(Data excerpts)
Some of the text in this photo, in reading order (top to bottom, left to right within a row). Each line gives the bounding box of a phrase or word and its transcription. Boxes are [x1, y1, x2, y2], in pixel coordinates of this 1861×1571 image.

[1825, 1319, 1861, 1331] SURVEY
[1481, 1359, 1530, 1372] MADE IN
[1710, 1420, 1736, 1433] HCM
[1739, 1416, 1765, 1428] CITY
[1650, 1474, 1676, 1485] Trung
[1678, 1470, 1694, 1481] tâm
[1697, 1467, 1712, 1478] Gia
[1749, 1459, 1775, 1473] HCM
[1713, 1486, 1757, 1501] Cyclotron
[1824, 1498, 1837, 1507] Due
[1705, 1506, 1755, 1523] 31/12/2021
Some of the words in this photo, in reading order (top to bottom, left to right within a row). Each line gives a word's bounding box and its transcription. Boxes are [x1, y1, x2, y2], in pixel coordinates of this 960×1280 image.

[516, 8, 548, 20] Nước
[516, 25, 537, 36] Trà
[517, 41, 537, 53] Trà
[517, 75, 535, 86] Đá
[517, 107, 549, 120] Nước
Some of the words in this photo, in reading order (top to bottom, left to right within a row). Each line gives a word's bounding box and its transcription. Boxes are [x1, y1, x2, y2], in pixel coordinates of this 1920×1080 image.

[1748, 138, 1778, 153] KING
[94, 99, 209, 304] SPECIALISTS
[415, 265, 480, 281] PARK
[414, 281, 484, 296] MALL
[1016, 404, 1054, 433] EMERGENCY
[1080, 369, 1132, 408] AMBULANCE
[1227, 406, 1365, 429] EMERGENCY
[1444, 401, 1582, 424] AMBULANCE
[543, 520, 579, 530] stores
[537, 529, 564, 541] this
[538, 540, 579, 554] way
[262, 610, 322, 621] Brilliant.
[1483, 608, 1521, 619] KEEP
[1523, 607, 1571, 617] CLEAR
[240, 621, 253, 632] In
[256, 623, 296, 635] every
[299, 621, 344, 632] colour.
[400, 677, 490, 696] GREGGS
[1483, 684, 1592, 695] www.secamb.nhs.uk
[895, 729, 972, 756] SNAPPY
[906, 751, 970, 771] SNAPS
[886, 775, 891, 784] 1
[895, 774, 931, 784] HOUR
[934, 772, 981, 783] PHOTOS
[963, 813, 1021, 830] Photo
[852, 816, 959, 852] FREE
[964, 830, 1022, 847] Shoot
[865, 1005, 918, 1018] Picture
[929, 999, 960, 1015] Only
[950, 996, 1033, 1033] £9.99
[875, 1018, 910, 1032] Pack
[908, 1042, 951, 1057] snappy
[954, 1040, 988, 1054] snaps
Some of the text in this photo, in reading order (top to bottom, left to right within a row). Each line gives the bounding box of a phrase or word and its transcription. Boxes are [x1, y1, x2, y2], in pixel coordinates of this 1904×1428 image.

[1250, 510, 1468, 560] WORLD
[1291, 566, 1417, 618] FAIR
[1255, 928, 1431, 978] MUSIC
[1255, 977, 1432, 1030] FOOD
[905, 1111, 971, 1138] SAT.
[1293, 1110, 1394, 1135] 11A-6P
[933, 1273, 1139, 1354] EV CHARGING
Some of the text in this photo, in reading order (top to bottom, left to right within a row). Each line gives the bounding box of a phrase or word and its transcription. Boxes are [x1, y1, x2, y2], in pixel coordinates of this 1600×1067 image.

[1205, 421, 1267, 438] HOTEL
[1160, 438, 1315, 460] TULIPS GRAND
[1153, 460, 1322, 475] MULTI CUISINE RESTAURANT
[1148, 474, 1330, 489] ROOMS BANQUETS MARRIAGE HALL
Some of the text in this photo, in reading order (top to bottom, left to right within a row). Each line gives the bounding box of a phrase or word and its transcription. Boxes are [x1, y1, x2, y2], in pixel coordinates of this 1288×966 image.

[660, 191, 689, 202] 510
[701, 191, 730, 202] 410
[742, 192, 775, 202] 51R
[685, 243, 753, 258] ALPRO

● Problem description:
Produce an exact copy of every entry above.

● Solution for this task:
Some of the text in this photo, in reading order (top to bottom, left to right within a row). Each line gives the bounding box of a phrase or word and its transcription. Boxes are [x1, y1, x2, y2], in pixel coordinates of this 1861×1571 image.

[1825, 1319, 1861, 1331] SURVEY
[1481, 1359, 1530, 1372] MADE IN
[1710, 1420, 1736, 1433] HCM
[1739, 1416, 1765, 1428] CITY
[1650, 1474, 1676, 1485] Trung
[1678, 1470, 1694, 1481] tâm
[1697, 1467, 1712, 1478] Gia
[1749, 1459, 1775, 1473] HCM
[1713, 1486, 1757, 1501] Cyclotron
[1824, 1498, 1837, 1507] Due
[1705, 1506, 1755, 1523] 31/12/2021
Some of the words in this photo, in reading order (top to bottom, left to right within a row). Each line gives a word's bounding box and its transcription. Boxes are [x1, y1, x2, y2], in pixel coordinates of this 960×1280 image.

[516, 8, 548, 20] Nước
[516, 25, 537, 36] Trà
[517, 41, 537, 53] Trà
[517, 75, 535, 86] Đá
[517, 107, 549, 120] Nước
Some of the words in this photo, in reading order (top to bottom, left to right within a row). Each line gives a word's bounding box and its transcription. Boxes are [x1, y1, x2, y2], in pixel coordinates of this 1920×1080 image.

[1748, 138, 1778, 153] KING
[94, 99, 209, 304] SPECIALISTS
[415, 265, 480, 281] PARK
[414, 281, 484, 296] MALL
[1016, 404, 1054, 433] EMERGENCY
[1080, 369, 1132, 408] AMBULANCE
[1227, 406, 1365, 429] EMERGENCY
[1444, 401, 1582, 424] AMBULANCE
[543, 520, 579, 530] stores
[537, 529, 564, 541] this
[538, 540, 579, 554] way
[262, 610, 322, 621] Brilliant.
[1483, 608, 1521, 619] KEEP
[1523, 607, 1571, 617] CLEAR
[240, 621, 253, 632] In
[256, 623, 296, 635] every
[299, 621, 344, 632] colour.
[400, 677, 490, 696] GREGGS
[1483, 684, 1592, 695] www.secamb.nhs.uk
[895, 729, 972, 756] SNAPPY
[906, 751, 970, 771] SNAPS
[886, 775, 891, 784] 1
[895, 774, 931, 784] HOUR
[934, 772, 981, 783] PHOTOS
[963, 813, 1021, 830] Photo
[852, 816, 959, 852] FREE
[964, 830, 1022, 847] Shoot
[865, 1005, 918, 1018] Picture
[929, 999, 960, 1015] Only
[950, 996, 1033, 1033] £9.99
[875, 1018, 910, 1032] Pack
[908, 1042, 951, 1057] snappy
[954, 1040, 988, 1054] snaps
Some of the text in this photo, in reading order (top to bottom, left to right within a row). Each line gives the bounding box of a phrase or word and its transcription. Boxes are [x1, y1, x2, y2], in pixel coordinates of this 1904×1428 image.

[1250, 510, 1468, 560] WORLD
[1291, 566, 1417, 618] FAIR
[1255, 928, 1431, 978] MUSIC
[1255, 977, 1432, 1030] FOOD
[905, 1111, 971, 1138] SAT.
[1293, 1110, 1394, 1135] 11A-6P
[933, 1273, 1139, 1354] EV CHARGING
Some of the text in this photo, in reading order (top to bottom, left to right within a row). Each line gives the bounding box of a phrase or word and its transcription. Boxes are [x1, y1, x2, y2], in pixel coordinates of this 1600×1067 image.

[1205, 421, 1267, 438] HOTEL
[1160, 438, 1315, 460] TULIPS GRAND
[1153, 460, 1322, 475] MULTI CUISINE RESTAURANT
[1148, 474, 1330, 489] ROOMS BANQUETS MARRIAGE HALL
Some of the text in this photo, in reading order (top to bottom, left to right within a row). Each line gives the bounding box of a phrase or word and its transcription. Boxes are [x1, y1, x2, y2], in pixel coordinates of this 1288×966 image.

[660, 191, 689, 202] 510
[701, 191, 730, 202] 410
[742, 192, 775, 202] 51R
[685, 243, 753, 258] ALPRO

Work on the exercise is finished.